### PROBLEM STATEMENT
From first line to last, output the records below exactly.

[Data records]

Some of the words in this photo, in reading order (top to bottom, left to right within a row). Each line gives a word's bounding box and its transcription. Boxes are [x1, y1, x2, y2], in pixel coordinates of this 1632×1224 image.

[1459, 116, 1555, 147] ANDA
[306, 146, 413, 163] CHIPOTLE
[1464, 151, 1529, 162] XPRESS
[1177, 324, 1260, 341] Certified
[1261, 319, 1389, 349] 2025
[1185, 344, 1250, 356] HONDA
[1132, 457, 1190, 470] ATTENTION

### ANSWER
Some of the words in this photo, in reading order (top to bottom, left to right within a row). Each line gives a word's bounding box and its transcription. Boxes are [x1, y1, x2, y2], in pixel coordinates of this 1632×1224 image.

[1459, 116, 1555, 147] ANDA
[306, 146, 413, 163] CHIPOTLE
[1464, 151, 1529, 162] XPRESS
[1177, 324, 1260, 341] Certified
[1261, 319, 1389, 349] 2025
[1185, 344, 1250, 356] HONDA
[1132, 457, 1190, 470] ATTENTION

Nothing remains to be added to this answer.